1889 —
Biographie générale vosgienne / Félix Bouvier
MANGIN (Alphonse François Eugène).- Le colonel du génie Mangin est un enfant de Mirecourt, où il naquit le 14 juin 1825.
A sa sortie de l’École polytechnique, où il avait été reçu en 1844, il fut nommé sous-lieutenant du génie, le 1er octobre 1846, passa deux ans à l’École d’application de Metz et devint lieutenant au 1er régiment, le 1er octobre 1848, puis servit en Algérie et en Kabylie. Capitaine du génie le 6 février 1853, il fut placé à Briançon, ensuite à Bastia, à Verdun, puis au 3e régiment, fit la campagne d’Italie ; de là il alla à Nantes, à Lille, puis chef du génie à Quimper, où il fut décoré de la Légion d’honneur, le 6 mars 1867.
Chef de bataillon du génie, le 24 décembre 1869, il devint chef du génie à Boulogne-sur-Mer, puis entra au Dépôt des fortifications où il révéla ses aptitudes spéciales de savant et reçut la croix d’officier de la Légion d’honneur, en 1870. Il commanda alors le génie de la 3e division du 15e corps à l’armée de la Loire et à celle de l’Est.
Chef du génie à Péronne, puis lieutenant-colonel, le 17 novembre 1876, il fut maintenu au dépôt des fortifications, où il continua ses belles inventions d’appareils de télégraphie optique ; un nouveau système de pont-levis, le périgraphe instantané, etc.
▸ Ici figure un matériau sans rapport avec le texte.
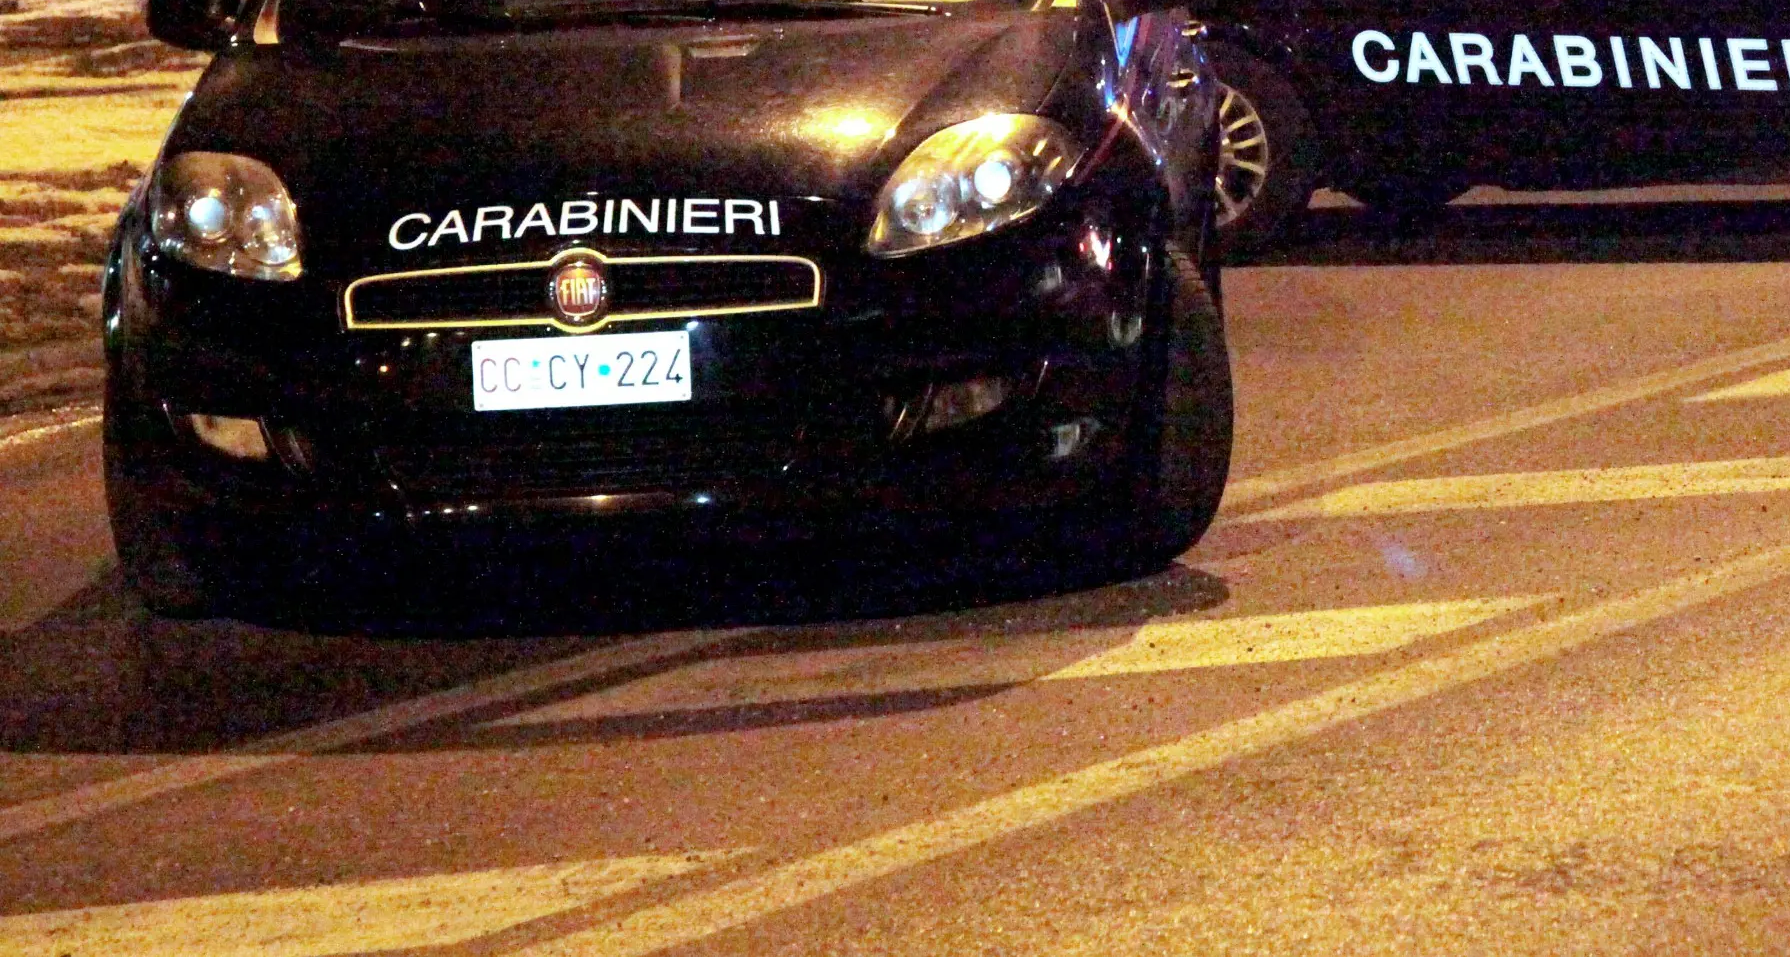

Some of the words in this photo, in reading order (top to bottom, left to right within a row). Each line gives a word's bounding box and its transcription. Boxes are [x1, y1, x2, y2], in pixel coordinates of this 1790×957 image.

[388, 198, 781, 250] CARABINIERI
[561, 276, 597, 306] FIAT
[615, 348, 684, 387] 224
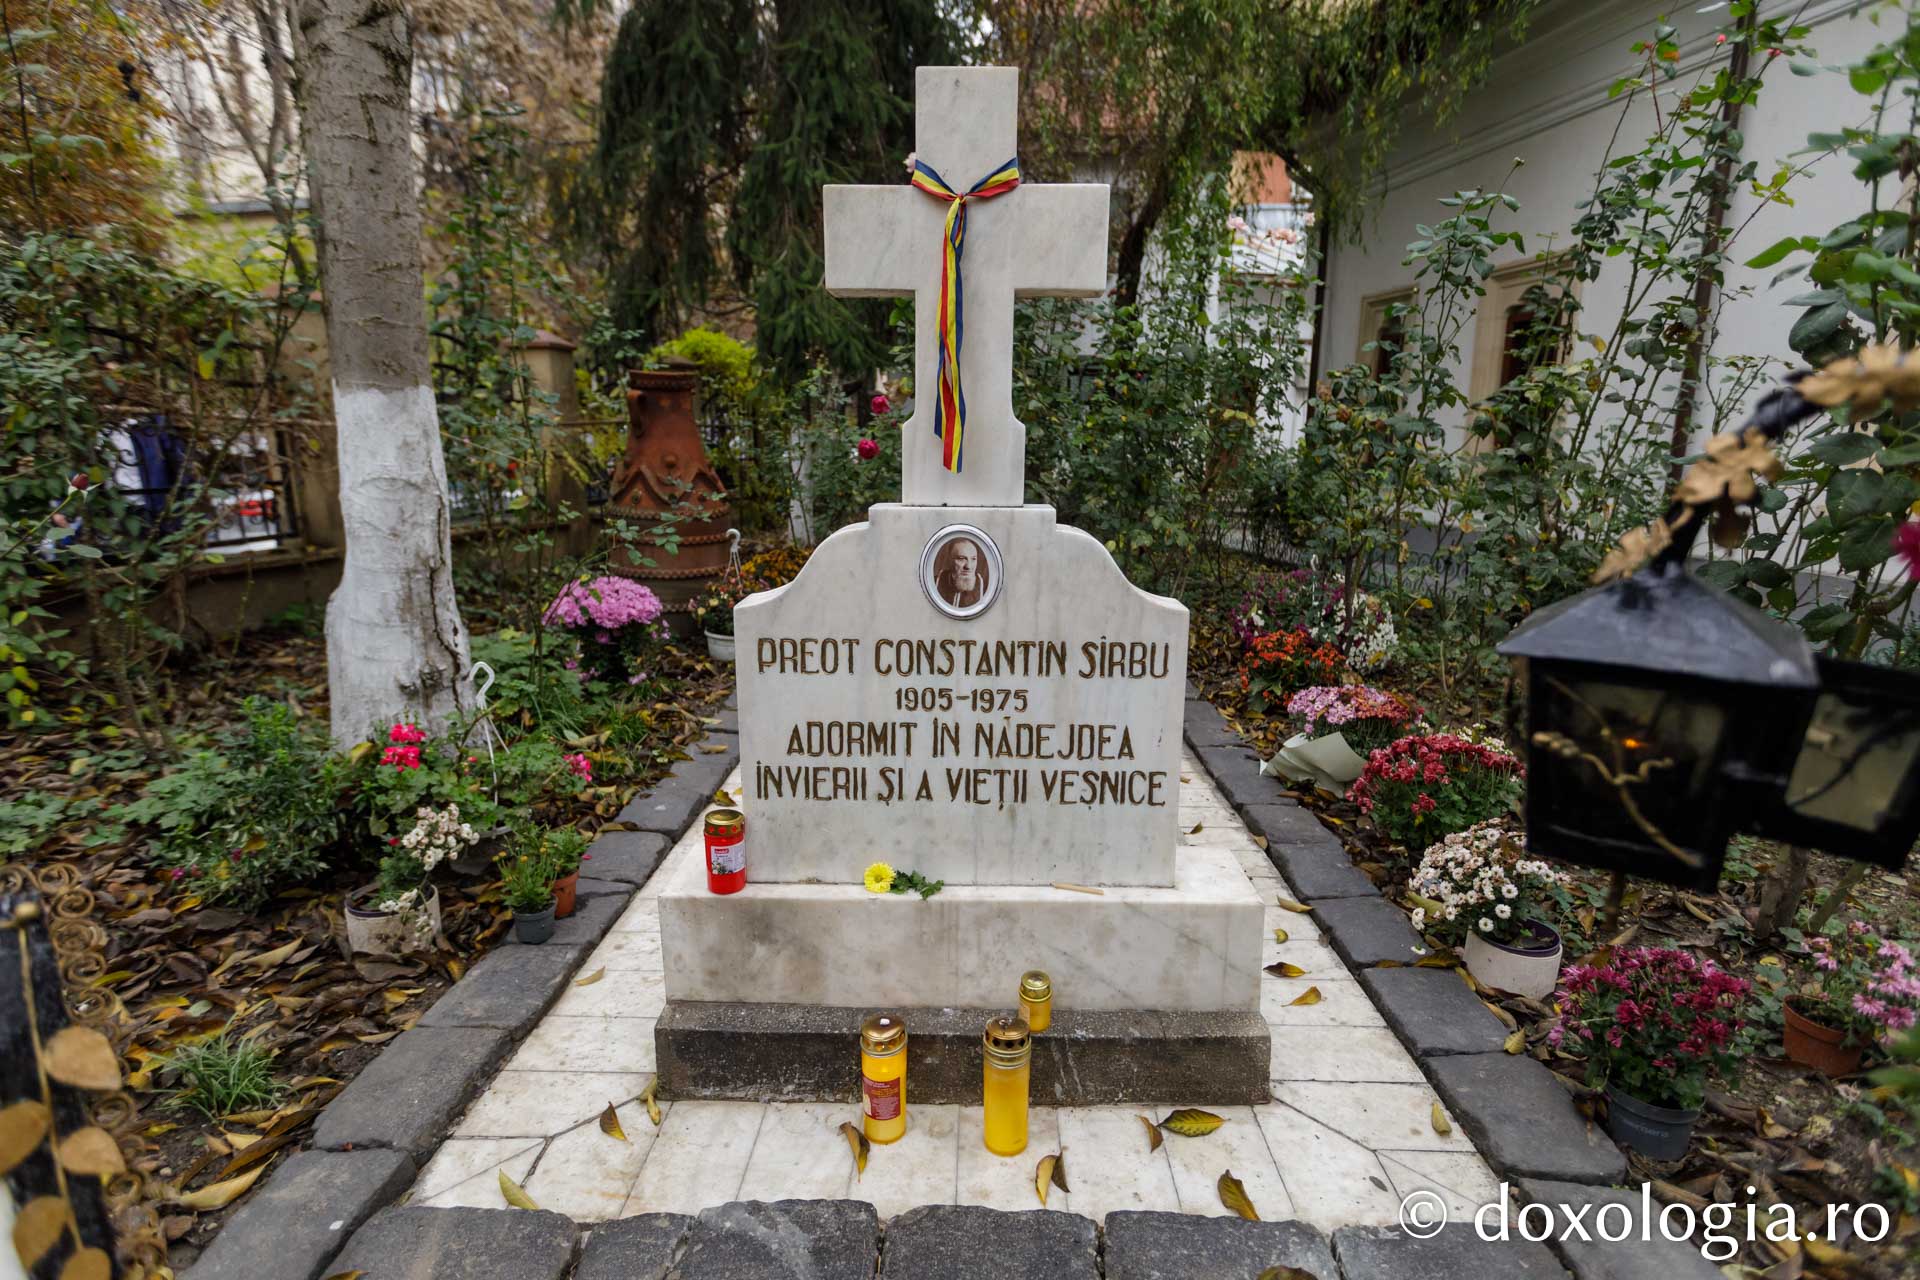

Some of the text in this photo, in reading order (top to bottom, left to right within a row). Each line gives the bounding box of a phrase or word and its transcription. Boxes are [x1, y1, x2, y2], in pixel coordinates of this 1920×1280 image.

[757, 638, 860, 674] PREOT
[874, 639, 1067, 677] CONSTANTIN
[895, 687, 1029, 713] 1905-1975
[786, 721, 918, 758] ADORMIT
[915, 769, 934, 802] A
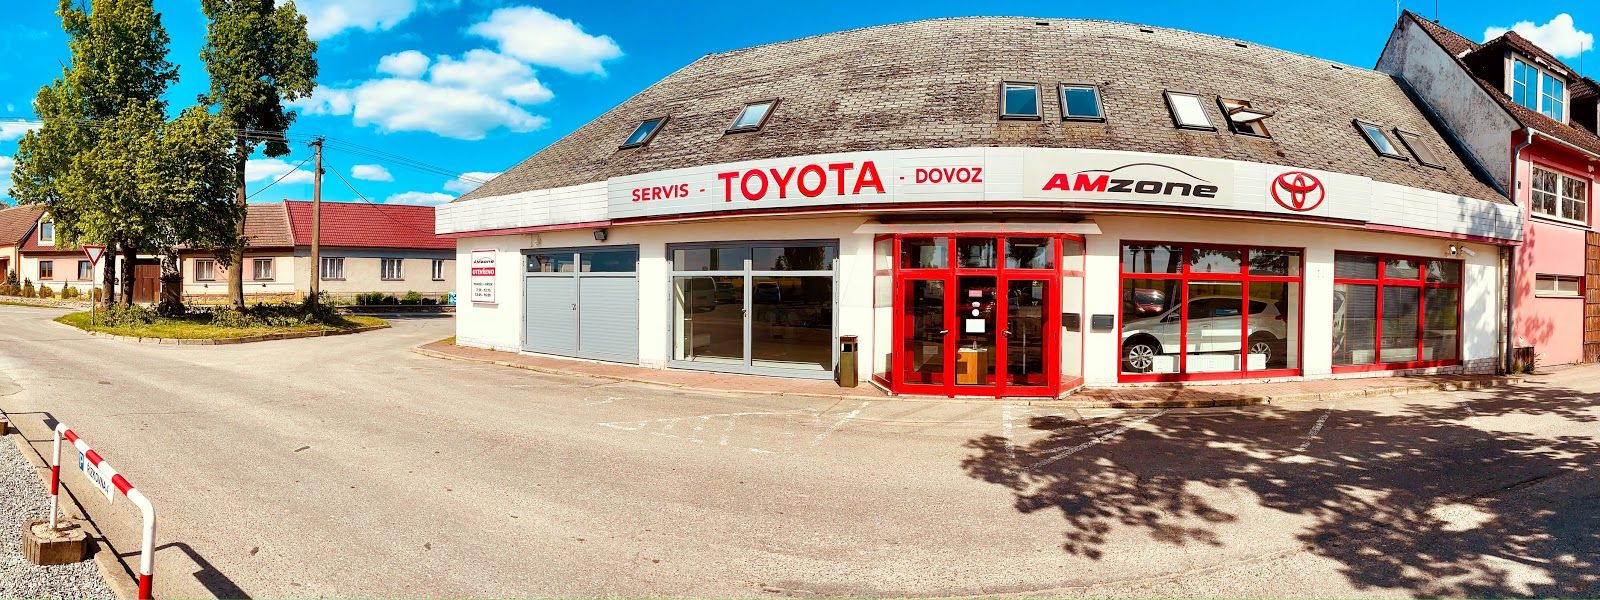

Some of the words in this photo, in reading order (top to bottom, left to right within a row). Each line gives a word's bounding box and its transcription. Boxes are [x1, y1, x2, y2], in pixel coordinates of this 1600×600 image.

Colonel du génie, le 29 décembre 1880, il dut prendre prématurément sa retraite, le 11 janvier 1885, par suite de l’altération de sa santé.
Il mourut peu de temps après, à Paris, le 7 novembre 1885. Son dévouement à la science était tel qu’il s’y sacrifia complètement et y épuisa sa vie ; à la suite d’expériences, de fatigues ou d’accidents, d’une terrible chute en ballon, il avait perdu un oeil et l’usage d’une jambe.
On peut dire du colonel Mangin que ce fut un martyr de la science. Il était commandeur de la Légion d’honneur, depuis 1884, commandeur de l’ordre de Sainte-Anne de Russie et officier de l’instruction publique.
1990 —
Dictionnaire des Vosgiens célèbres
MANGIN (Alphonse François Eugène), colonel du génie, inventeur
Mirecourt, 14 juin 1825 – Paris, 7 novembre 1885
Entré à l’école polytechnique en 1844, il passe à l’école d’application de Metz avec le grade de sous-lieutenant en 1846.
Lieutenant au 1er régiment du génie, le 1er octobre 1848 il sert en Kabylie. En 1853 il est capitaine à Briançon puis à Bastia et Verdun avant de partir en campagne en Italie, au 3ème régiment de génie. Il est ensuite affecté à Nantes puis Lille et Quimper. Chef de bataillon en 1869, il est placé à la tête de la chefferie de Boulogne-sur-Mer puis envoyé au dépôt des fortifications. En 1870 il commande le génie de la 3ème division du 15ème C.A. à l’armée de la Loire et à celle de l’Est. Il est ensuite nommé à Péronne.
Lieutenant-colonel en 1876, colonel le 29 décembre 1880, il prend sa retraite, malade, le 11 janvier 1885 et meurt quelques mois plus tard. Au cours d’expériences scientifiques, à la suite de la chute d’un ballon, il perd l’usage d’un œil et d’une jambe.
Alphonse Mangin est surtout connu pour ses inventions concernant la télégraphie optique, un nouveau pont-levis, le périgraphe industriel.
Chevalier de la Légion d’honneur en 1867, officier en 1870, il était commandeur depuis 1884.
Bibl. : Bouvier.- Biographie générale vosgienne, p. 464-465.